[Stored data entries]
⟨
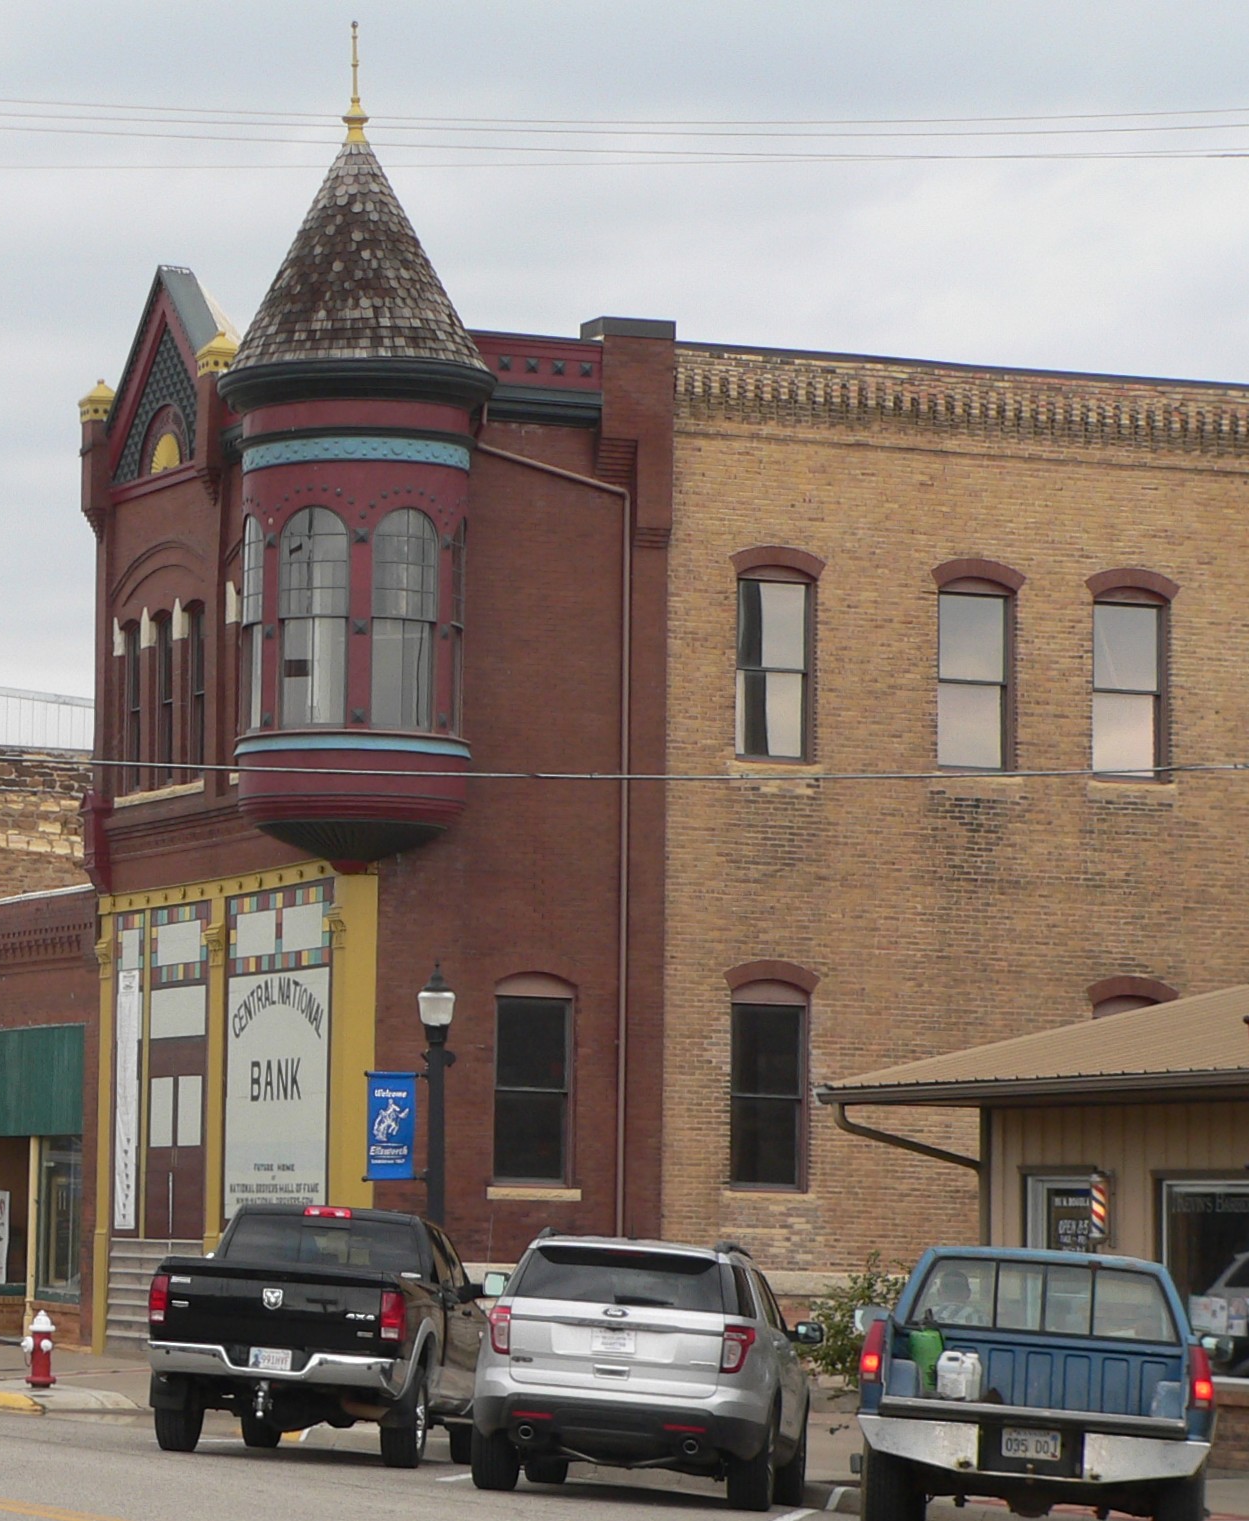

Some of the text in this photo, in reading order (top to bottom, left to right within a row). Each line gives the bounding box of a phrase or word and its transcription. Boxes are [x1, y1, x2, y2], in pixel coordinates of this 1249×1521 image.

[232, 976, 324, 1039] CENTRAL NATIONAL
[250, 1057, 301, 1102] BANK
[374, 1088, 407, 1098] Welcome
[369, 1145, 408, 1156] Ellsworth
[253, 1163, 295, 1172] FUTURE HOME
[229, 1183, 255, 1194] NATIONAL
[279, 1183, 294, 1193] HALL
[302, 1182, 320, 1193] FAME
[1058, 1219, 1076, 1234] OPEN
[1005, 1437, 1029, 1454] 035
⟩
# What to produce
Restate the data word for word, minus any images.

# Exercise output
Some of the text in this photo, in reading order (top to bottom, left to right within a row). Each line gives the bounding box of a phrase or word and its transcription. Boxes are [x1, y1, x2, y2], in pixel coordinates of this 1249×1521 image.

[232, 976, 324, 1039] CENTRAL NATIONAL
[250, 1057, 301, 1102] BANK
[374, 1088, 407, 1098] Welcome
[369, 1145, 408, 1156] Ellsworth
[253, 1163, 295, 1172] FUTURE HOME
[229, 1183, 255, 1194] NATIONAL
[279, 1183, 294, 1193] HALL
[302, 1182, 320, 1193] FAME
[1058, 1219, 1076, 1234] OPEN
[1005, 1437, 1029, 1454] 035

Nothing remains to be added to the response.